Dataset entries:
######

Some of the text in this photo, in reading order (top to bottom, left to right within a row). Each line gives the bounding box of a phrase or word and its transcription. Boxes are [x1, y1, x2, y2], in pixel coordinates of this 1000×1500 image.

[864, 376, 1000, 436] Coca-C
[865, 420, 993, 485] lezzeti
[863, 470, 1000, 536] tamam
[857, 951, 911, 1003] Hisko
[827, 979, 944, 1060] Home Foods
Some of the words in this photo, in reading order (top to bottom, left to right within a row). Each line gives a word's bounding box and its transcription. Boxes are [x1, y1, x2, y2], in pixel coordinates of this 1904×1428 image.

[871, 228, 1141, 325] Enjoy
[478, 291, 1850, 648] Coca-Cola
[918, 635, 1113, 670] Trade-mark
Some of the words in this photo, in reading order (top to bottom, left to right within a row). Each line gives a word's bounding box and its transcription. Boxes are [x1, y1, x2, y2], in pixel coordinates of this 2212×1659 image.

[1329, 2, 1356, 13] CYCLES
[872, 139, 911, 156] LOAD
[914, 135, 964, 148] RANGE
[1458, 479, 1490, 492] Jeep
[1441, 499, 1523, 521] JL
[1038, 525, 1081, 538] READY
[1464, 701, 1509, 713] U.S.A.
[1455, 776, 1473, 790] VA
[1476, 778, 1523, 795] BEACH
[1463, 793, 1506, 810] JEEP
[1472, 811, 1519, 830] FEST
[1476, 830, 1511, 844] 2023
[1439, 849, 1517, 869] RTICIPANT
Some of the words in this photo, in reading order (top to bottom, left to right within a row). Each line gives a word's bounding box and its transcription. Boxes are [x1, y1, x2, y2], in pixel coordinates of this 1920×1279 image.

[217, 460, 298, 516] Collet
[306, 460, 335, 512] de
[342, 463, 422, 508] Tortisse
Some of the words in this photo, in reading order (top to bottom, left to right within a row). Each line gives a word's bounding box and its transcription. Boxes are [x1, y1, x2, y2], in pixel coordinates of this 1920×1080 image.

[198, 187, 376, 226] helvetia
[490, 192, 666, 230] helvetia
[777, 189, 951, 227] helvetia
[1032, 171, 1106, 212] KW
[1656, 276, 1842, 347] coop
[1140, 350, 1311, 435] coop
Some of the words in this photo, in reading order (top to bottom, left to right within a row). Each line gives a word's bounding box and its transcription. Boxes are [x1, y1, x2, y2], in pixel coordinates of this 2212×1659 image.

######

Your goal: Set down exactly, and only, the lines of the data above from the line containing "this 1920×1279 image." through the last one.

Expected answer:
Some of the words in this photo, in reading order (top to bottom, left to right within a row). Each line gives a word's bounding box and its transcription. Boxes are [x1, y1, x2, y2], in pixel coordinates of this 1920×1279 image.

[217, 460, 298, 516] Collet
[306, 460, 335, 512] de
[342, 463, 422, 508] Tortisse
Some of the words in this photo, in reading order (top to bottom, left to right within a row). Each line gives a word's bounding box and its transcription. Boxes are [x1, y1, x2, y2], in pixel coordinates of this 1920×1080 image.

[198, 187, 376, 226] helvetia
[490, 192, 666, 230] helvetia
[777, 189, 951, 227] helvetia
[1032, 171, 1106, 212] KW
[1656, 276, 1842, 347] coop
[1140, 350, 1311, 435] coop
Some of the words in this photo, in reading order (top to bottom, left to right within a row). Each line gives a word's bounding box and its transcription. Boxes are [x1, y1, x2, y2], in pixel coordinates of this 2212×1659 image.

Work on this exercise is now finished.